I got my first pet rat, Rufus, a little over a month ago. I got him spontaneously, and definitely unplanned. Some girl basically shoved him at me at a fest I was at for the 4th of July and told me to take him. I had no idea as to what breed, health, or mental conditions he was in. I was able to get in contact with the original breeder, and found out he was a baby double Rex in perfect health. Ever since that first night, we've had no trouble bonding. Whenever I put my hand in his cage he climbs straight up my arm to my shoulder, which has become his perch. He goes everywhere with me, and I like to think of him as my little blessing. I've never had a pet as amazing as him. However, it's become a concern that he's becoming too clingy. If I try to set him down to free range, he'll pee all over and constantly poo before climbing up my leg back to my shoulder. He won't even play with me! If I set him down and try to pull out his toys, he'll climb back up on me. I'm concerned he'll always be like this.


----------



## xoxofreak5000 (Jun 26, 2013)

Have you considered getting Rufus a cage mate? He might be happier and less clingy on you if he has a rat friend to cuddle and play with. It's also almost always recommended that rats be kept in pairs (or groups) if possible. Rats can get very depressed if they don't have another rat friend!

If you do choose to get him a cage mate be sure to read up on the proper way to introduce rats before you just plop a new rat in his cage - that's a recipe for disaster and bad relationships. There's a few stickies about how to introduce rats on the rat behavior forum.

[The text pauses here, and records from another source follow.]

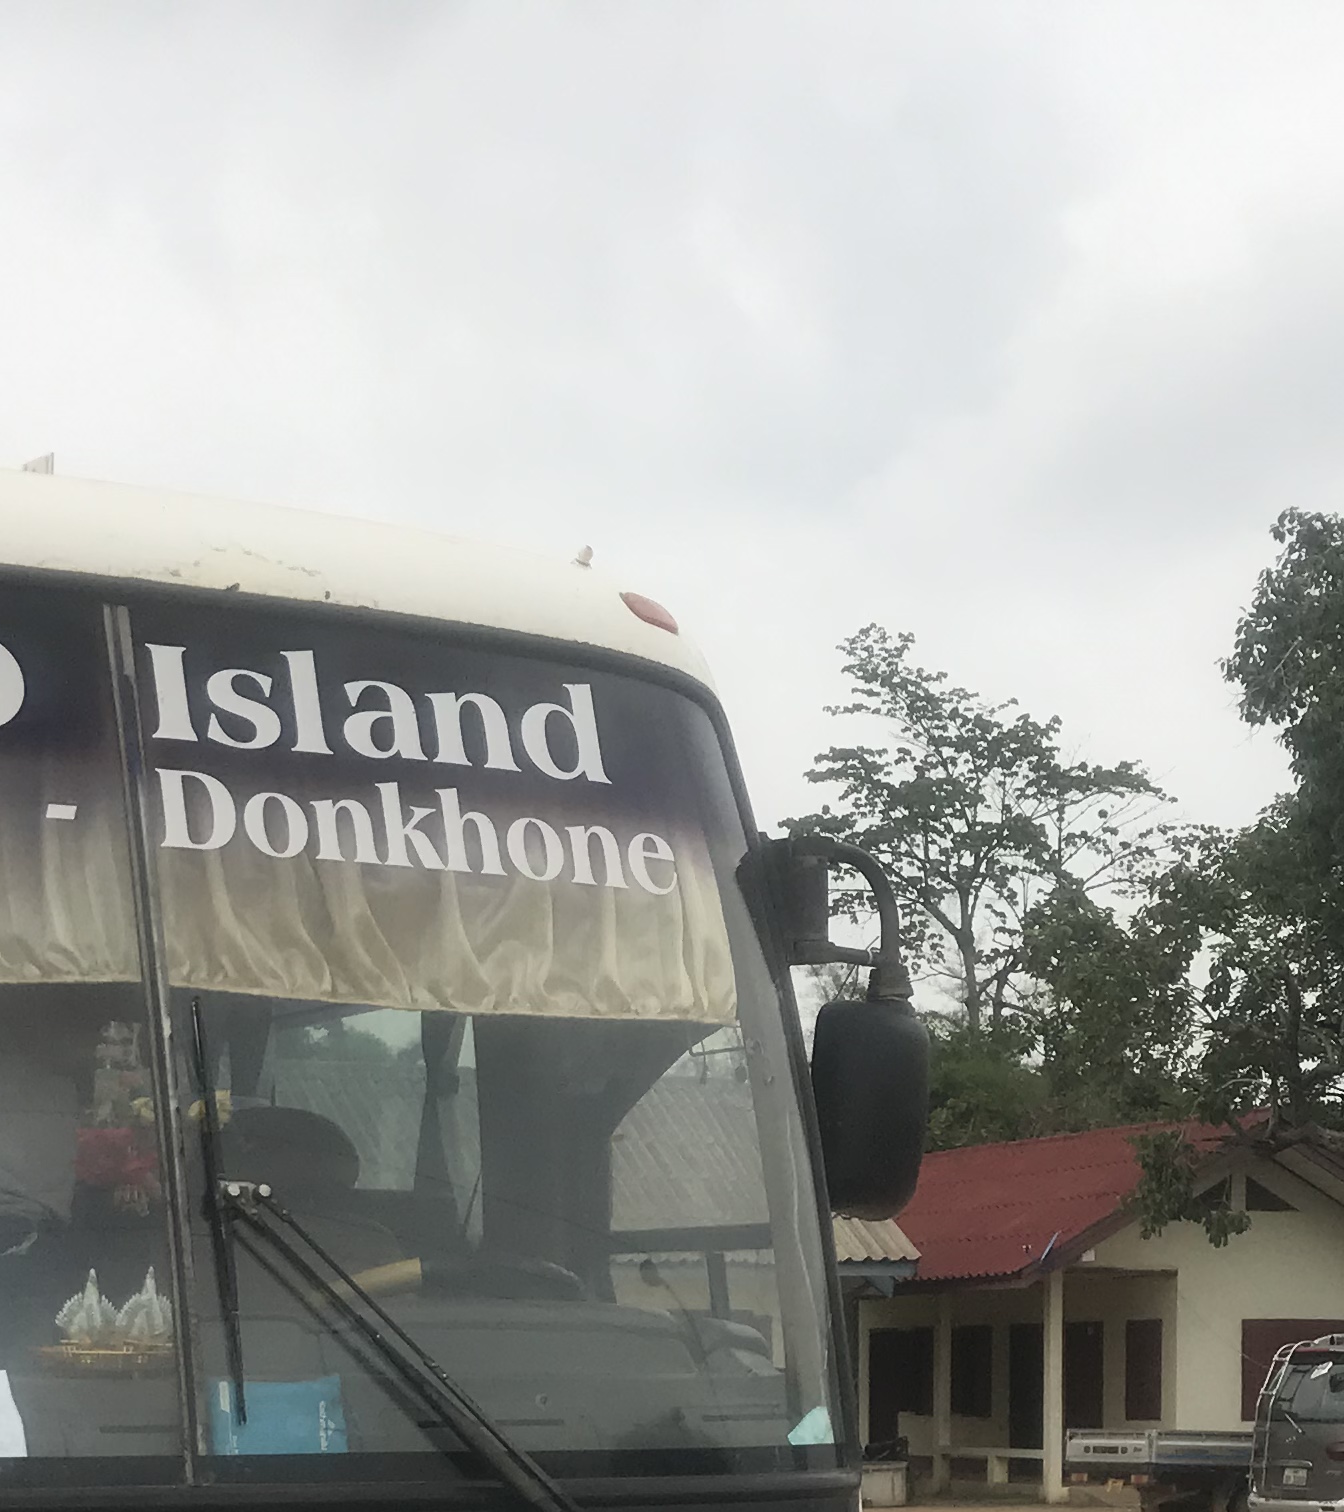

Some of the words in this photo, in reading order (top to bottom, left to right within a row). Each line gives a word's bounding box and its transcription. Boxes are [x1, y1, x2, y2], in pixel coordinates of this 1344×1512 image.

[145, 643, 612, 784] Island
[46, 803, 77, 820] -
[155, 768, 678, 895] Donkhone
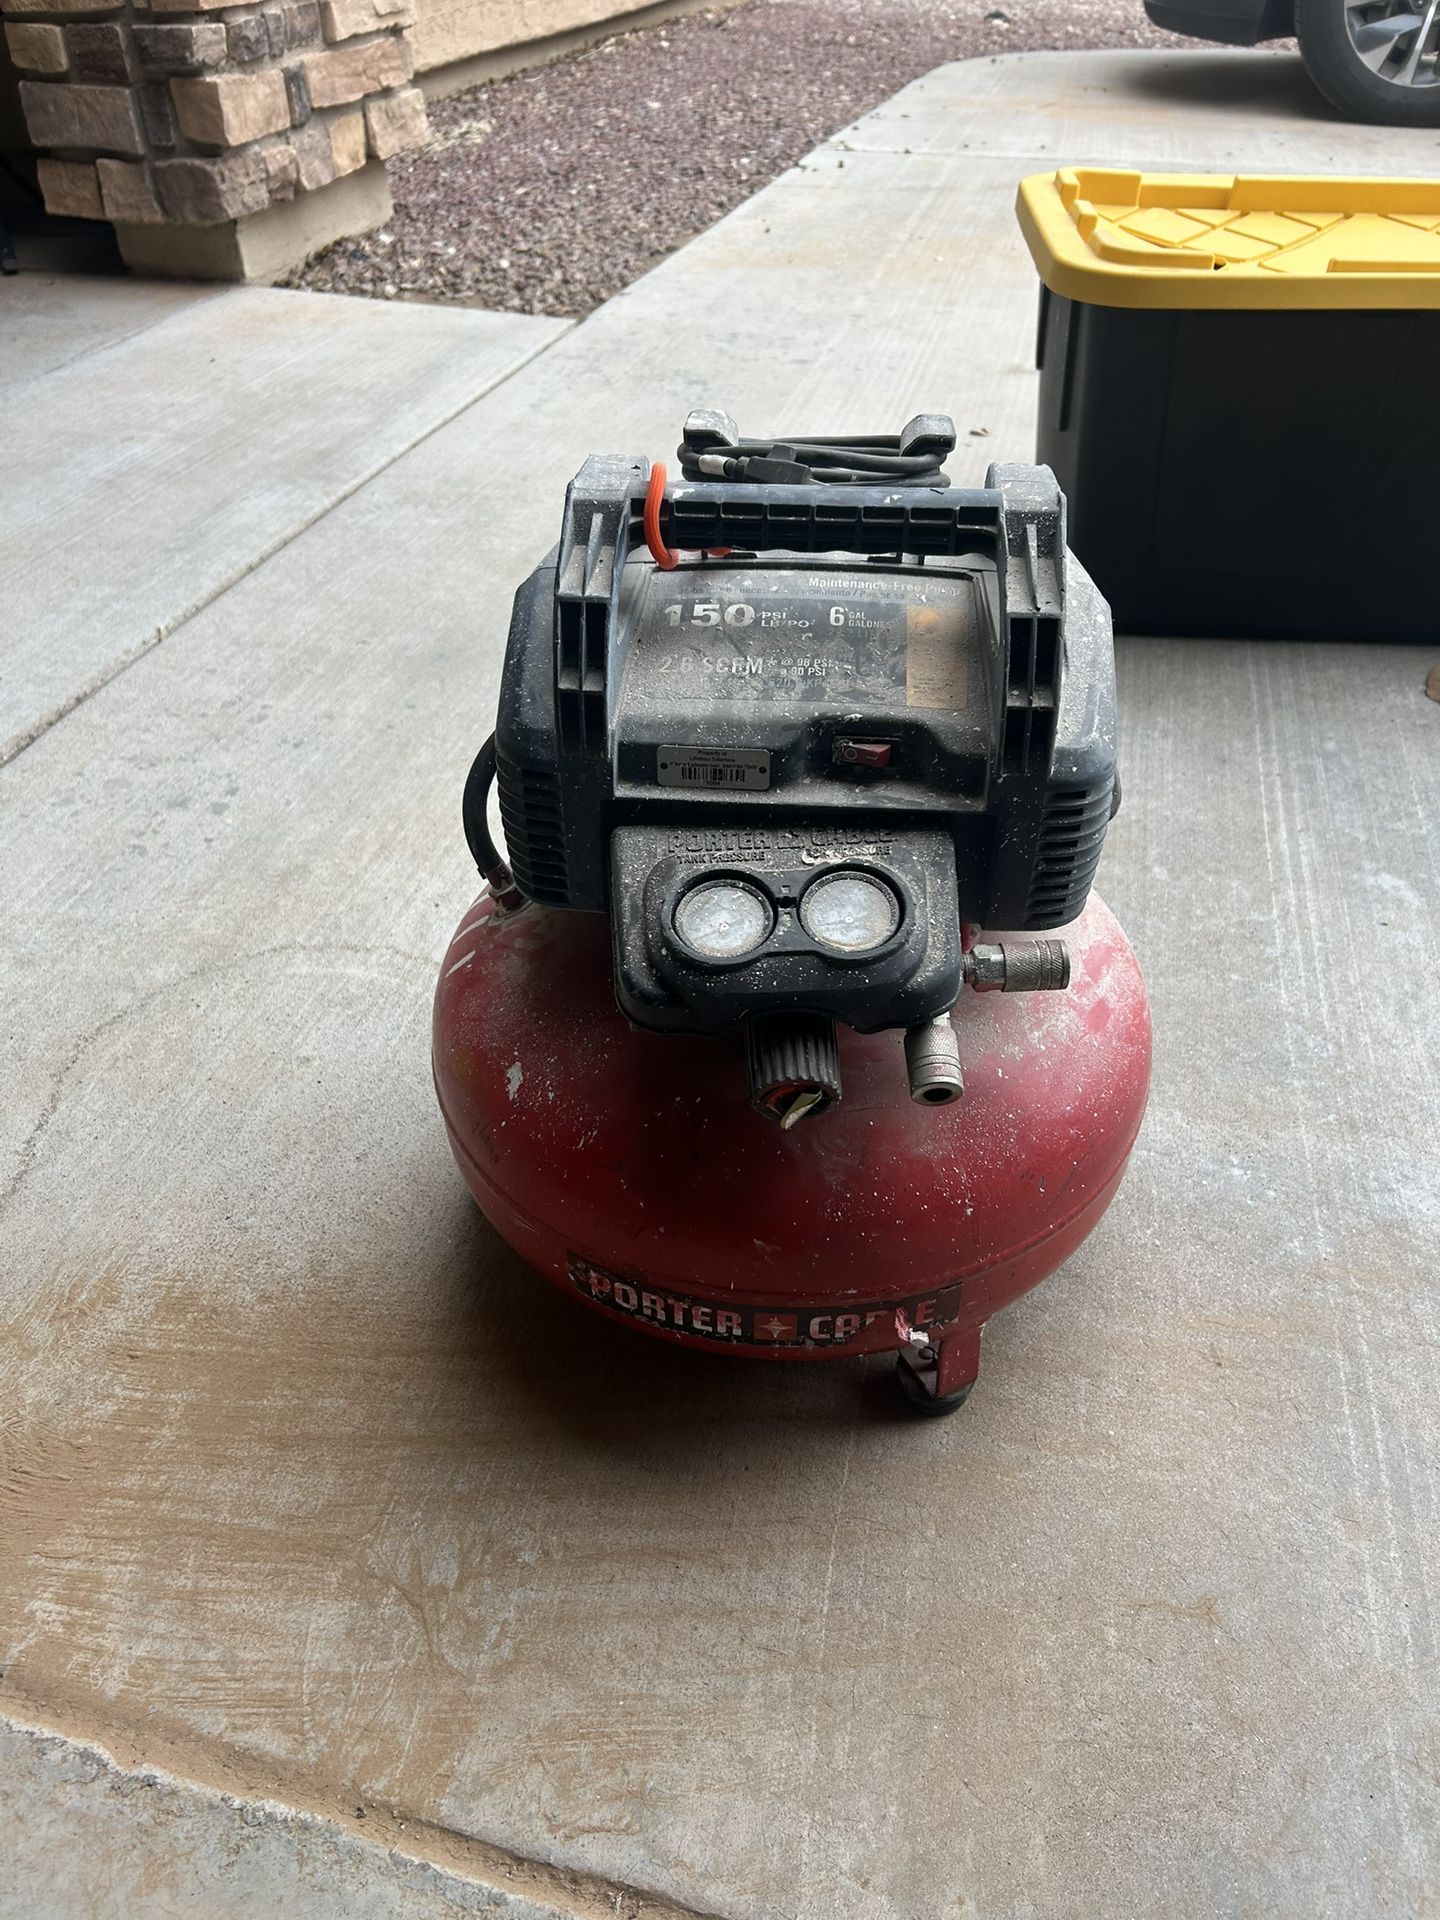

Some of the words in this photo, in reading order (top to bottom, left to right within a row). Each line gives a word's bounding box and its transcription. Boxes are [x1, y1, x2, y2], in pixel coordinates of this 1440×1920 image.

[664, 603, 756, 627] 150
[761, 611, 787, 620] PSI
[829, 606, 845, 626] 6
[848, 611, 867, 620] GAL
[848, 620, 889, 628] GALON
[791, 666, 804, 676] 90
[808, 667, 826, 676] PSI
[588, 1270, 742, 1336] PORTER
[809, 1298, 937, 1340] CAE
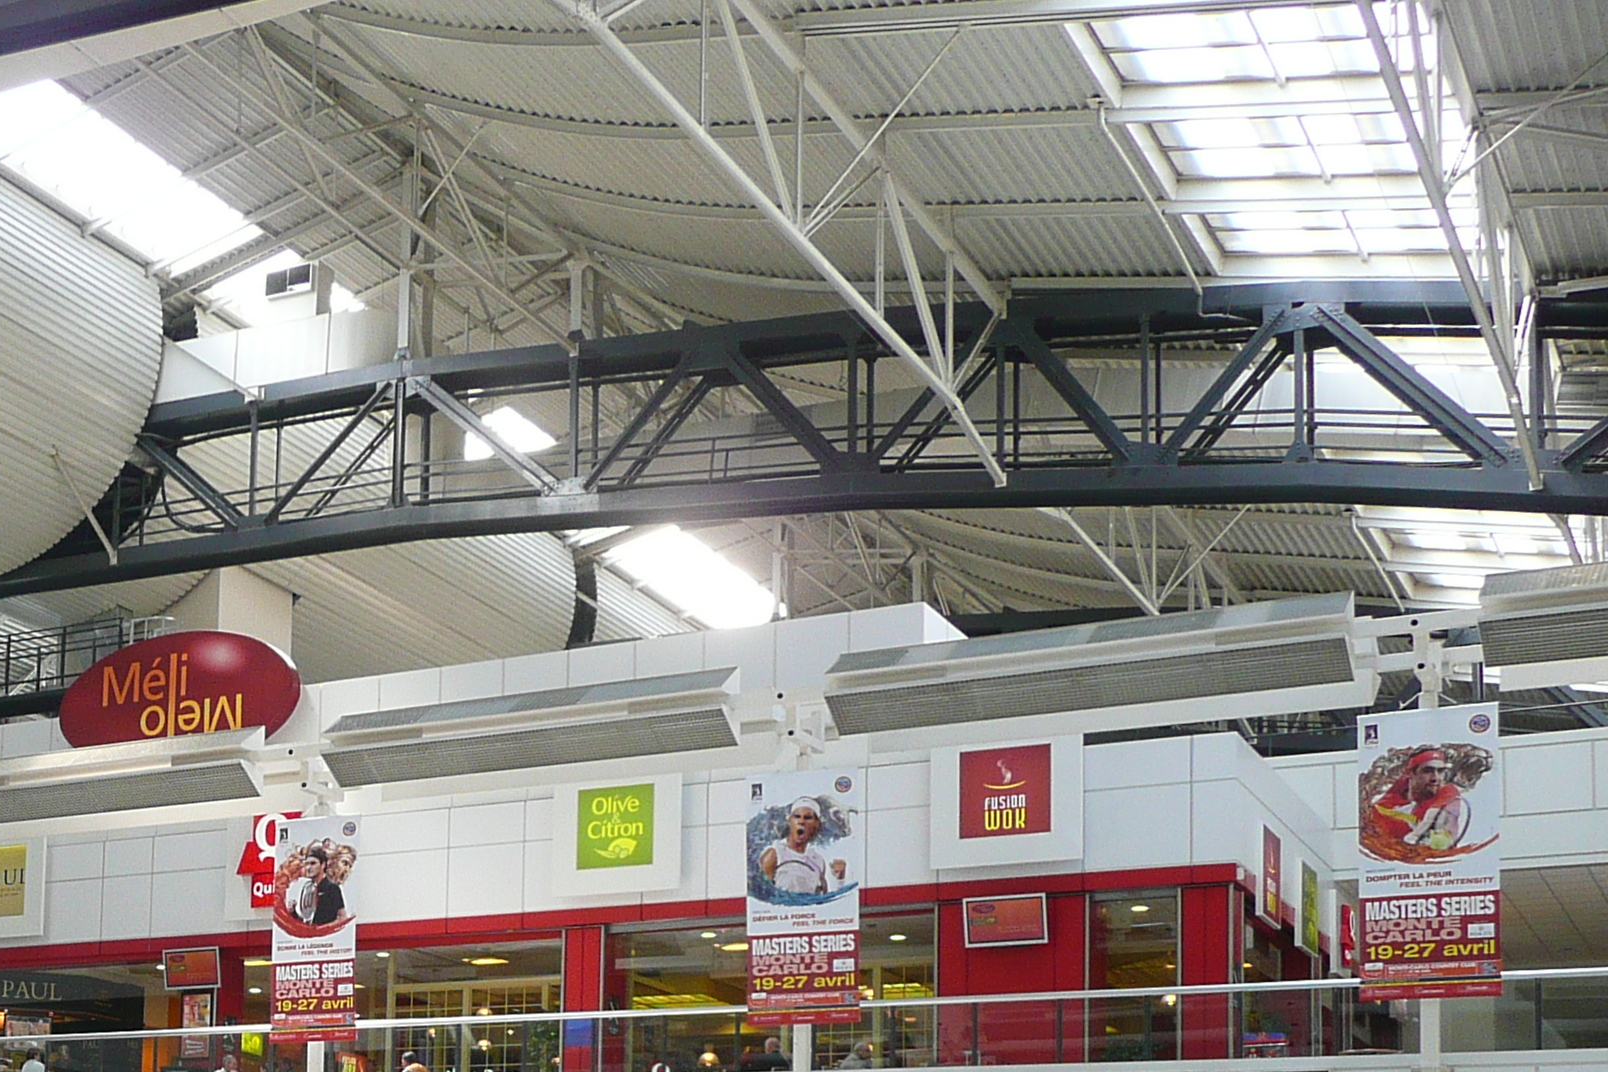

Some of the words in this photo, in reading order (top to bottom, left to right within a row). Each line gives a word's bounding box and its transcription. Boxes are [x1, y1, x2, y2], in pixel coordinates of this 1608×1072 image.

Twice the rats is also twice the fun if you need any more motivation to buy another. Good luck with Rufus!


----------



## RavenTheRat (May 28, 2015)

Never ever EVER have a lone rat. They must ALWAYS be kept in pairs or groups.Don't worry, a lot of first time rat owners don't know  But the reason Rufus is so clingy is becuase rats are social animals, and right now you are his only source of love and affection. Rats who live alone need a minimum of 7 hours of playtime, and even then that's really not enough.
I really don't mean to be harsh. It sounds like you give Rufus great care and a lot of love, and we need more amazing pet owners like you <3 But two rats is better than one! That way they can snuggle, groom each other, and play together. I'm assuming you go to school or work- the little guy probably gets extremely lonesome without you around all the time.


I'd suggest that you get him a cage mate as soon as possible  He'll be a lot happier, and I'm sure you will too!


----------



## Rat Daddy (Sep 25, 2011)

I'm not in love with super clingy when it comes to true shoulder rats... it's often a sign that such rats are overly fearful and prone to panic attacks... and when rats panic they can do all kinds of stupid things especially when outdoors. 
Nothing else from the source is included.